“Concentration camp” rhetoric inflames, polarizes

By Steven Youngblood, director, Center for Global Peace Journalism

Sometimes as journalists, we are so desperate to call attention to an important story that we resort to inappropriately inflammatory language. This is the case with a well-meaning but ill-conceived op-ed piece in the Los Angeles Times, “Call immigrant detention centers what they really are: concentration camps” (June 9). 

The purpose of Jonathan Katz’s column, to shine light on the darkness that is the Trump administration’s immigration policies and practices, was admirable. There should be, as Katz notes, “mass outrage” at a system that separates children from their parents and “brutally” holds detainees in isolation cells.

Katz is correct that sparking “mass outrage” takes work. The question becomes how to best engage the public on this vital issue. This is where Katz’ approach fails. Instead of engaging a large portion of the public, he further alienates those in the center and on the right with his over-the-top, “concentration camp” hyperbole.

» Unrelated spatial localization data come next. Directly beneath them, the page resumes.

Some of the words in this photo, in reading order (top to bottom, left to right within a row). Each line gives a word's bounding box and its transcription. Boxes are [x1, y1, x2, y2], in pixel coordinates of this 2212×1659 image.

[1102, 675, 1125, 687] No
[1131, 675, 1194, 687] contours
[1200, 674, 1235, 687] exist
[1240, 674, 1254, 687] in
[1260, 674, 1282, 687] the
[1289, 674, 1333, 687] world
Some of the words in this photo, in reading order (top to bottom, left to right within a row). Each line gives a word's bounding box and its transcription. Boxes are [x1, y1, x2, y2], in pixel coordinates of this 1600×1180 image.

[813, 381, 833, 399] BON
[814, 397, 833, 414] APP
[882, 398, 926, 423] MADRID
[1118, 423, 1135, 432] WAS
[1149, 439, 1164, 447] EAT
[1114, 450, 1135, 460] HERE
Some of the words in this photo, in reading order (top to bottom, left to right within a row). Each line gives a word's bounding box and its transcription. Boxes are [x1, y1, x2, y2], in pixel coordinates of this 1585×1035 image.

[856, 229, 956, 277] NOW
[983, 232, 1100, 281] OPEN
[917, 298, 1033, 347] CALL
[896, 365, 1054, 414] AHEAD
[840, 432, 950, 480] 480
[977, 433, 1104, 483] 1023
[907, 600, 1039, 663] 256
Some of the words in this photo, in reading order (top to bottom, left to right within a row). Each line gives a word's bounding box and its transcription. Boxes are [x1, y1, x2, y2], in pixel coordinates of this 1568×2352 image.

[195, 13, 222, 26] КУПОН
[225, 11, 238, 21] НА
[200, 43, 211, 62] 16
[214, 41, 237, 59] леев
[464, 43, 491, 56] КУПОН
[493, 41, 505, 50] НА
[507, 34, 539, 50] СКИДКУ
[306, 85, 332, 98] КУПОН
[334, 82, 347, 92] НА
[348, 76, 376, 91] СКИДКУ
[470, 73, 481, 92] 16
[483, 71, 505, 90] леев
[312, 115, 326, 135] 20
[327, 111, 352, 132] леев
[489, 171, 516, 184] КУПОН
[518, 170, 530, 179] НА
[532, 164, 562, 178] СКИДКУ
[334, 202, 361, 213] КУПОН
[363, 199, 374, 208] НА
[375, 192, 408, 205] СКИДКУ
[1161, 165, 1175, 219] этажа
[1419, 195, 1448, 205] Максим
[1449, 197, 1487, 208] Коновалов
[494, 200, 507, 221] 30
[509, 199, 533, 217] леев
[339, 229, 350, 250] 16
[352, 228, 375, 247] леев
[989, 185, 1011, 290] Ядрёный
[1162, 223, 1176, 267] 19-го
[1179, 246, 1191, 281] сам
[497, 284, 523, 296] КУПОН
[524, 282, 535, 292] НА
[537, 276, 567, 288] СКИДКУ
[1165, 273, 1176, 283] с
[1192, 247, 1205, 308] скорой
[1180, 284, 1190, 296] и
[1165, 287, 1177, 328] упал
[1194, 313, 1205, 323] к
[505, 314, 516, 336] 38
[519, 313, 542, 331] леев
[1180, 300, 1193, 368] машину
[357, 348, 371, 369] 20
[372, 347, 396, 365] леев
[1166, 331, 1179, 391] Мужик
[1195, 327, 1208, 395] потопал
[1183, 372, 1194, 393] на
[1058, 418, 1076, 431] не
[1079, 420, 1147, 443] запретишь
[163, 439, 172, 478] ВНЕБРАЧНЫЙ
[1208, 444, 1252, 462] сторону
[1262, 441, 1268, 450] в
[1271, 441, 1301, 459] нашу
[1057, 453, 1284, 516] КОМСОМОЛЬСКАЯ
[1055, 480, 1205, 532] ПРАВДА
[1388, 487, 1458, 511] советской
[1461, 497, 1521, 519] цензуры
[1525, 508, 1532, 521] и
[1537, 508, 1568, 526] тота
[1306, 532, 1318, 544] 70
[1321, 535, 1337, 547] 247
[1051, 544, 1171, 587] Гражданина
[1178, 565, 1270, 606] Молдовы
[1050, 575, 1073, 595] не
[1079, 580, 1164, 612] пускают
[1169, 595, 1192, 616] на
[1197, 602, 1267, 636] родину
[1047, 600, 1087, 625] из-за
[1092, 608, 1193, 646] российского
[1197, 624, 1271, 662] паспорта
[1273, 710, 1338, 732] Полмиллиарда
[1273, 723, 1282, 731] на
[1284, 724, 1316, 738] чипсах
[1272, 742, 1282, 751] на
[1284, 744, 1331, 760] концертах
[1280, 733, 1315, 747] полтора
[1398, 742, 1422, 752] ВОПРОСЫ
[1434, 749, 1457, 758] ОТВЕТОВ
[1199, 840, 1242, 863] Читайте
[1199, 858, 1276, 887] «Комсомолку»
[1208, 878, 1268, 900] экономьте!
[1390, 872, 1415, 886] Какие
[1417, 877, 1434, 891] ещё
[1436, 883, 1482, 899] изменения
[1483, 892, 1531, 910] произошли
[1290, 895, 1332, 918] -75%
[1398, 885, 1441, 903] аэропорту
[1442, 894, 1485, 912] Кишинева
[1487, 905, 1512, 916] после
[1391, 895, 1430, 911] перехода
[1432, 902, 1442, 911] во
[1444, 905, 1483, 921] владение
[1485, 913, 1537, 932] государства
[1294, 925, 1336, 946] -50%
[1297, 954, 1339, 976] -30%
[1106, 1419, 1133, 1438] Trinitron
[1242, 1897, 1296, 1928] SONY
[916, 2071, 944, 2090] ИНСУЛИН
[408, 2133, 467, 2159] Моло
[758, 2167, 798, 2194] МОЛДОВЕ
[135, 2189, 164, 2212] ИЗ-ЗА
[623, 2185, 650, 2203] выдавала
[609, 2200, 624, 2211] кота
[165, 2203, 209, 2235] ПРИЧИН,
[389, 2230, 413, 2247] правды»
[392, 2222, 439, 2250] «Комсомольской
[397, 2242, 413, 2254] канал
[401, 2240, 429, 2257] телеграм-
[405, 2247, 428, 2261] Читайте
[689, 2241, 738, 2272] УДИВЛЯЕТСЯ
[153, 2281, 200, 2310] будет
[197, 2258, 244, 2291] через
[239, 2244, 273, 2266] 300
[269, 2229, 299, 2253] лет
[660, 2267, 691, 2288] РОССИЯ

The column’s critical and historical analysis of the types (“levels”) of concentration camps is correct, but misses the point. Although the term “concentration camp” does technically describe Trump’s immigration detention facilities, the smoke created by the term obscures what’s going on inside these facilities. There is a technical distinction between concentration and death camps, but this distinction is pragmatically irrelevant—in the public’s view, they are one in the same. Regardless of which type of concentration camp is being discussed, the vast majority of readers will reflexively equate “concentration camp” with ghastly images of Nazi death camps.

To take Katz’ comparison to its logical conclusion, if immigrant detention centers are modern day Nazi death camps, then the Republicans who support these centers must be Nazis, and their leader a 21st century Adolph Hitler.        

Katz writes that calling immigrant detention centers “concentration camps” will increase the likelihood that this issue will get the attention it deserves. Yet, as is usually the case with hyperbole, even if it’s well-meaning, the opposite is true. Overblown rhetoric like “concentration camp” serves only to polarize and to inflame passions on both sides. Using “concentration camp” will add gasoline to liberals’ anti-Trump flames; will force conservatives to rally around Trump, who may have his faults but is not Hitler; and will force those in the shrinking political center to choose a side. 

As for much-needed consensus and compromise on immigration, language like this makes it all but impossible. How can liberals compromise with Nazis? And how can conservatives compromise with those who think they are Nazis?

Katz is correct when he writes, “With constant, unrelenting attention, it is possible we might alleviate the plight of the people inside (immigrant detention centers), and stop the crisis from getting worse.” Stopping the crisis and reaching a compromise on immigration is certainly desirable, but won’t happen if inflammatory terms like “concentration camp” are allowed to leak into the vernacular. Let’s stick with “immigrant detention centers” and follow Katz’ advice to give this story the “unrelenting attention” it deserves.

Steven Youngblood is Director of the Center for Global Peace Journalism at Park University in Parkville, MO, where he is an associate professor. He is author of “Peace Journalism Principles and Practices,” editor of the “Peace Journalist” magazine, and two-time J. William Fulbright Scholar.